Despite a few meandering, luscious guitar solos (“exploratory” in ’60s terms, “jammy” in modern parlance), Winwood’s set was surprisingly rocking. “Gimme Some Lovin'” was one distortion level away from “My Sharona” and even more chillaxed fare like “Higher Love” or Traffic’s “Dear Mr. Fantasy” was too skittery and manic to vibe out to, thanks to the ri-damn-diculous drumming of Richard Bailey, whose four independent octopus limbs traded latin percussion (right hand) and grooving ghost notes (left hand) over every song. And then he broke out the double-kick pedal. Steve Winwood: maybe the most metal thing at Hangout Fest.
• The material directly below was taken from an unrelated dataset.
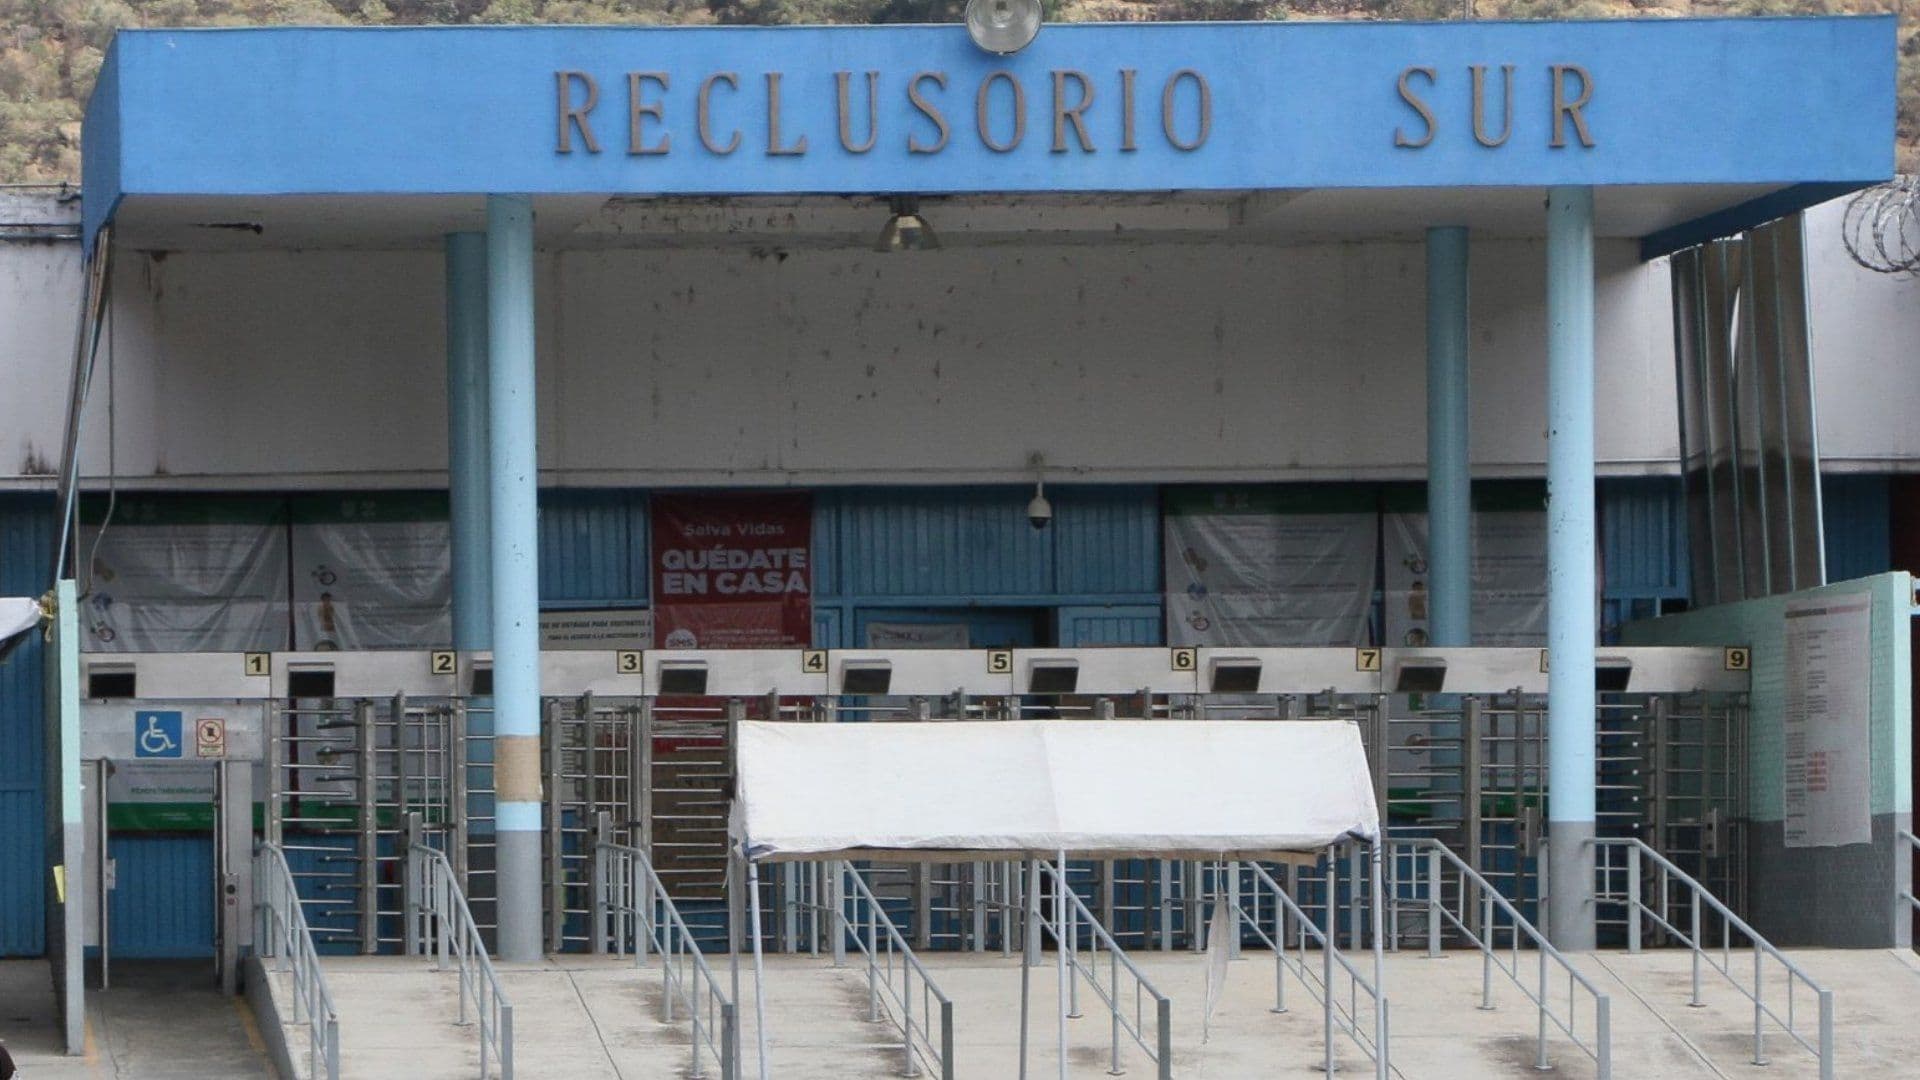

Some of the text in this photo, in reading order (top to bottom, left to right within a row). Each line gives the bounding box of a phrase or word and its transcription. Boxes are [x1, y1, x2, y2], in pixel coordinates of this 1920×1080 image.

C.W.

Delta Spirit
One of the peculiar joys of playing first on a festival stage is soundchecking in front of an audience who came to see you play, and Delta Spirit made the best of it, with frontman Matt Vasquez growling out a few bars of the Jimmy Cliff classic “Many Rivers to Cross” to big applause from the assembled throngs. Once the band got going, the tunes pressed along at an insistent clip. “Empty House,” from their latest self-titled album, opened quietly but then exploded into a rush of jangling guitars and a galloping backbeat; on “Tear It Up” multi-instrumentalist Kelly Winrich became a second drummer, adding some impressive heft to the bottom end. Live, the songs seemed to grow bigger and more aggressive. “California,” which sounds like a sweet, wistful indie-rock shuffle on record became an angry kiss-off here, and “Bushwick Blues” transformed into a thrashing Springsteen-ian anthem. Vasquez exhorted the audience to clap along to just about every tune, and they didn’t need much encouragement. As Vasquez told me after the show, “I love the crowd in Gulf Shores. We played here one time four years ago and had one of the craziest times. I can’t really tell you what happened — that’s how crazy it was.” D.P.